Bitget Futures: Differences between spot trading and futures trading
What are spot, margin, and futures trading?
In the world of cryptocurrency trading, Bitget offers various ways to trade: spot, margin, and futures trading. Here's a breakdown of what each type involves:
Spot trading: You buy or sell crypto directly, and the assets are settled to your account immediately after the trade. It's straightforward and less risky, but your profits are limited to how much the market price moves.
Margin trading: Based on spot trading, this allows you to borrow funds (e.g., 3x or 5x leverage) to increase your position size. While it can amplify returns, it also raises your exposure to market volatility.
Futures trading: You speculate on the price direction of cryptocurrencies by buying and selling futures (like perpetual or quarterly futures). You can use leverage (up to 125x), giving you more strategic flexibility—but also greater risk.
Comparison of spot, margin, and futures trading
The table below outlines the key differences between the three:
Feature |
Spot trading |
Margin trading |
Futures trading |
Trading asset |
Actual cryptocurrency |
Actual cryptocurrency (with leverage) |
Cryptocurrency futures |
Asset ownership |
Yes |
Yes |
No |
Leverage |
None |
Low (e.g., 3–5x) |
High (up to 125x) |
Trading method |
Full amount |
Borrowed funds |
Margin-based trading |
Risk and return |
Low risk, limited return |
Moderate risk and return |
High risk, high return |
Strategy flexibility |
Simple (buy and hold) |
Moderate (short-term gains) |
High (long/short/hedging) |
In short, spot trading is ideal for conservative investors, margin trading is suitable for users looking to amplify returns without taking on extreme risk, while futures trading is best suited for experienced traders looking to capitalize on market volatility.
Use case comparison
• Current BTC price: 30,000 USDT
• User's capital: 3000 USDT
1. Spot trading
• Action: Buy 0.1 BTC with 3000 USDT.
• Outcome:
○ If BTC rises to 33,000 USDT (+10%), you'll gain 300 USDT (0.1 BTC × 3000 USDT).

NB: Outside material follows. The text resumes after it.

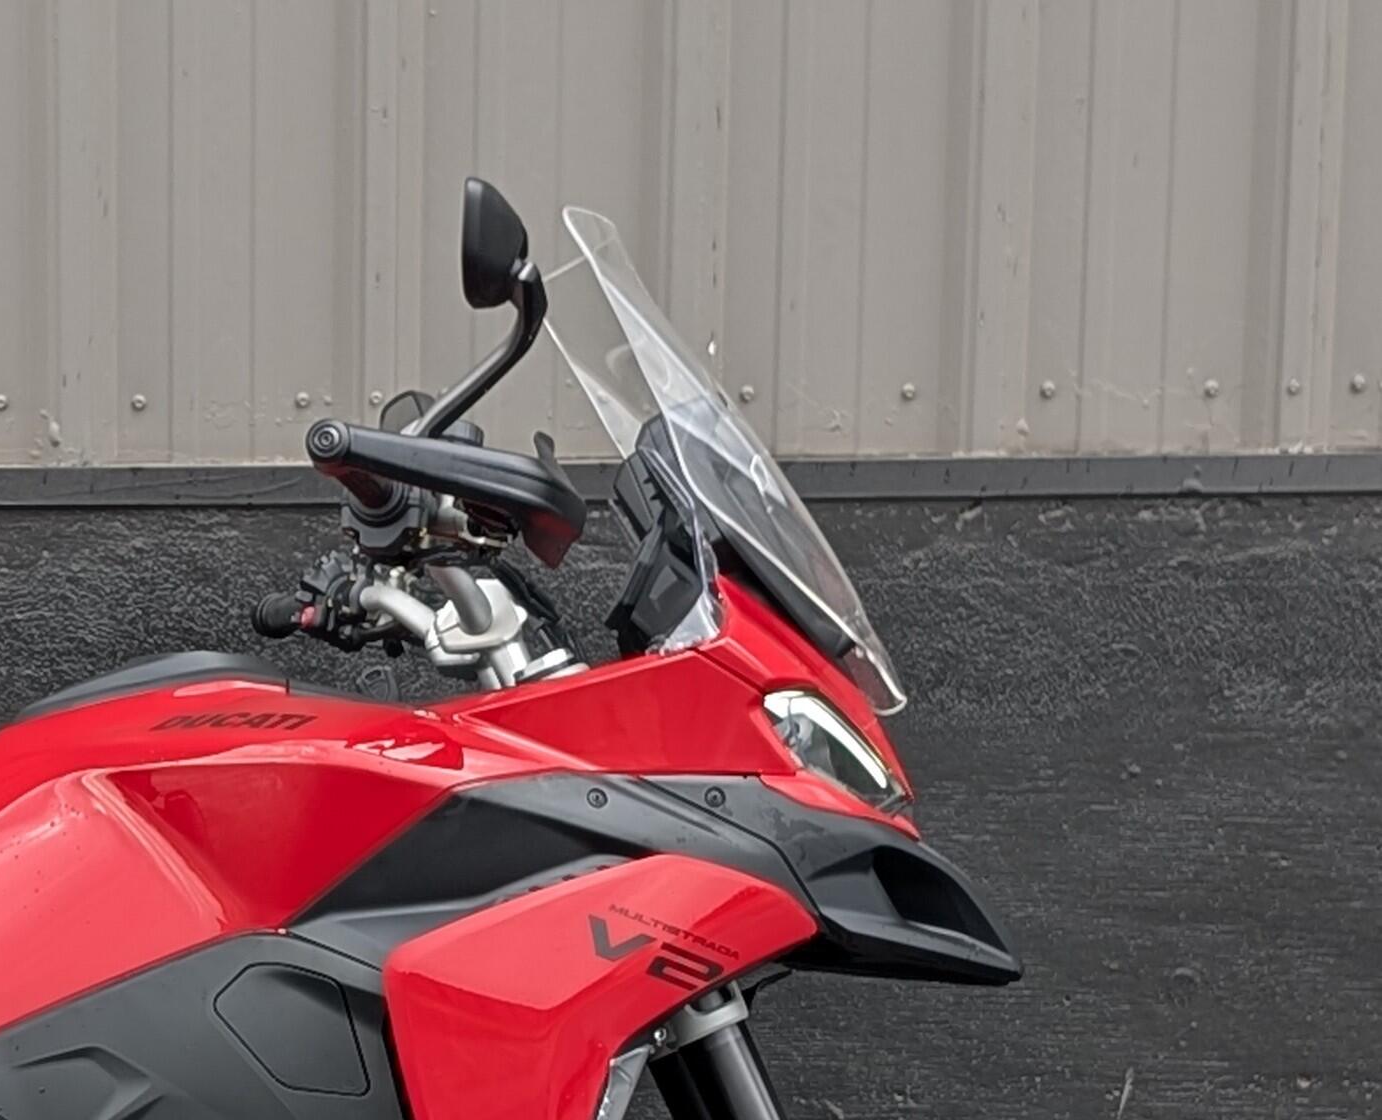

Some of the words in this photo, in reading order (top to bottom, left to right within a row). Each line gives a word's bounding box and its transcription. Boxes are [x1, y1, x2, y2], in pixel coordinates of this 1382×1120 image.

○ If BTC drops to 27,000 USDT (−10%), you'll lose 300 USDT.
• Highlight: Your gains and losses move in direct proportion to the market—with no leverage and no risk of liquidation.
2. Margin trading (3x)
• Action: Buy 0.3 BTC using 3x leverage—invest 3000 USDT and borrow 6000 USDT, for a total of 9000 USDT
• Outcome:
○ If BTC rises to 33,000 USDT (+10%), you'll gain 900 USDT (0.3 BTC × 3000 USDT, before deducting interest).
○ If BTC drops to 21,000 USDT (−30%), liquidation will be triggered (as your margin is fully lost).
○ Note: Liquidation price is for reference only. Actual liquidation is based on your real-time risk ratio.
• Highlight: Profits and losses are magnified 3x. Keep a close eye on the liquidation price.
3. Perpetual futures trading (10x)
• Action: Open a 10x long BTC futures position (worth 30,000 USDT), using only 3000 USDT as margin.
• Outcome:
○ If BTC rises to 33,000 USDT (+10%), you'll gain 3000 USDT (similar to margin trading, but without borrowing).
○ If BTC drops to 27,108 USDT (−9.6%), liquidation will be triggered (as your margin is fully lost).
○ Note: Liquidation price is for reference only. Actual liquidation is based on your real-time risk ratio.
• Highlights:
○ Supports both long and short positions, making it useful for hedging.
○ Uses a funding rate mechanism (fees exchanged between long and short positions).
Conclusion
Spot, margin, and futures trading each have their advantages and disadvantages on Bitget. Choose the method that best suits your risk appetite, capital, and trading goals. Bitget provides powerful tools and risk controls to help you optimize your strategy and manage risk effectively.